When we first awaken from a deep sleep, there is often a blissful gap between consciousness and engagement. Whatever has accompanied us into our nocturnal world remains there for a brief, elusive moment and we are aware only that we are awake.
“Good morning, Mrs. Junior.”
A young lab tech stood beside my bed. I noticed the clock. 7:07 a.m. In her hand was a tray of tubes and syringes, ready for a routine blood collection. My eyes took in the hospital room and registered her pleasant expression.
The muscles in my face began to smile in response, and suddenly awareness ambushed my spirit. Tears welled and immediately spilled. Grief, an independent entity, reared up, flooded in and filled the vacuum in my formerly sleep-protected brain.
Emotion surged through me, but another moment had to pass before my mind could attach the wave of sorrow to knowledge.
Once knowledge came, it remained.
Our Wendy-baby had died.
Concern and confusion registered on the lab technician’s face as I broke into sobs. Did she think she’d done something wrong?
I didn’t want her to feel badly. This wasn’t her fault.
“It’s okay,” I said stupidly. “It’s just that our baby died a few hours ago. I’m alright.”
In the midst of my tears, I noted the young woman’s discomfort. Maybe this was a first for the lab tech. Maybe she was upset no one had warned her. Maybe she wanted to turn and run. Whatever her response, I came to an understanding within myself. This lesson was hers to process. It was not my job to make others feel okay. I carefully gathered this insight and tucked it into my heart.
The blood sample still to be taken, she tied off my arm with a rubber tourniquet and drew the needed blood as my tears silently soaked an already damp pillow. With my free arm, I reached for a hospital-issued tissue and scrubbed at my face.
My mind wandered in the disjointed way a mind sometimes does.
When you cry, your nose runs. When your nose runs, you use numerous tissues to stem the flow.
The more I wiped, the more my face hurt. Why did it hurt? Oh. Tissues are paper, paper made from wood fibre. Revelation! I was scrubbing my damp, salt-irritated skin with wood shavings.
This would not do. I needed something soft.
My mind slipped back to childhood admonitions. “Take a hankie with you in case your nose begins to run.”
I wondered, Who do I know who might still have a cotton hanky? Of course. My mother, Wendy’s grandma. I’ll call and ask for hankies to sooth the ravages of grief resulting from the death of her granddaughter.

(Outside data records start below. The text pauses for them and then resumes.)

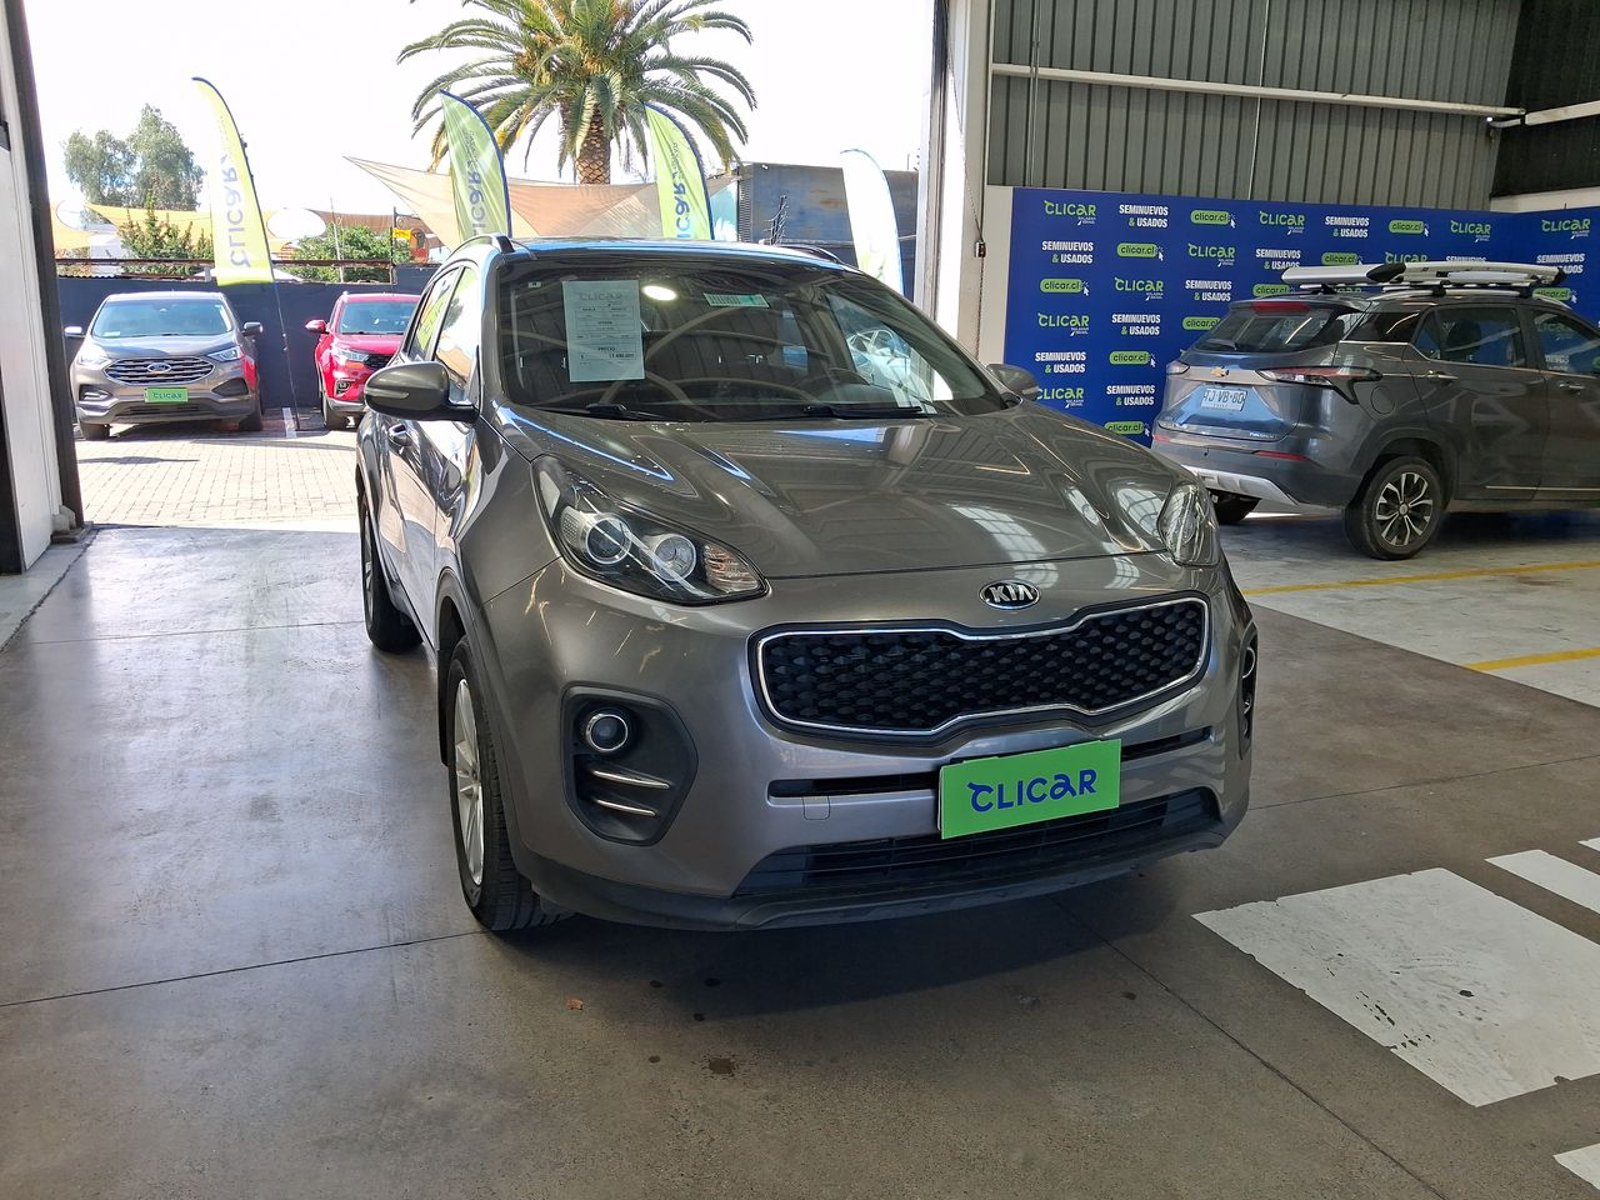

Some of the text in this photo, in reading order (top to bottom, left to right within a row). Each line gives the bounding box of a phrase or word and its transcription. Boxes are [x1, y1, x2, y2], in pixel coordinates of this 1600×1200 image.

[1119, 204, 1169, 216] SEMINUEVOS
[1194, 213, 1227, 222] clicar.cl
[1325, 216, 1370, 227] SEMINUEVOS
[1136, 218, 1168, 229] USADOS
[1340, 228, 1369, 239] USADOS
[1042, 241, 1094, 252] SEMINUEVOS
[1121, 246, 1155, 255] clicar.cl
[1060, 254, 1094, 264] USADOS
[1255, 249, 1302, 260] SEMINUEVOS
[1536, 253, 1586, 264] SEMINUEVOS
[1044, 281, 1080, 290] clicar.cl
[1185, 280, 1232, 291] SEMINUEVOS
[1202, 292, 1232, 302] USADOS
[1111, 314, 1161, 324] SEMINUEVOS
[1129, 326, 1160, 336] USADOS
[1035, 351, 1087, 362] SEMINUEVOS
[1113, 353, 1147, 361] clicar.cl
[1053, 364, 1086, 374] USADOS
[1106, 385, 1156, 395] SEMINUEVOS
[1124, 396, 1155, 406] USADOS
[988, 584, 1034, 603] KIA

Strange how thoughts, images, yesterdays and todays weave together.
The lab tech bravely made eye contact and gave a gentle nod, before leaving. I was thankful she didn’t try to speak what couldn’t be said, putting me into the position of making a polite response. I wiped my face again. So sore. I found a tube and applied some hospital cream.
Dead. I practised the knowledge.
Wendy is dead. A defect undetected until birth, lungs undeveloped, she could not survive.
Our Wendy-baby is dead.
But then, unexpected, a wash of blessing filled me.
The pregnancy itself was wonderful. Wendy had been wanted, loved, safe and healthy, strong and secure within me for nine glorious months. She heard my songs. She heard her father’s voice. She heard her big sister’s giggles, felt her bumps and cuddles. She saw light filtering through her safe home in my womb, and was warm in the darkness of her mother’s sleep.
My grief was profound, but that grief was for those of us left empty-armed. It was not for Wendy.
A thought drifted by. I caught it. Turned it around. Caressed it.
Maybe our Wendy’s spirit was so perfect, she didn’t need a lifetime of lessons before she went to be with God. If that was true, it meant we were chosen to be the parents of a pure spirit.
Fanciful? Perhaps. But I liked it. I would hold my thought and keep it close as the days of grief ebbed and flowed. Time had been our enemy as we’d sat by her while her body slowly succumbed, but now I found it to be a friend as well. Time would move us slowly, steadfastly away from the heightened emotion of the event. Time would allow us to take the best of our Wendy into the future, but leave the hurt behind.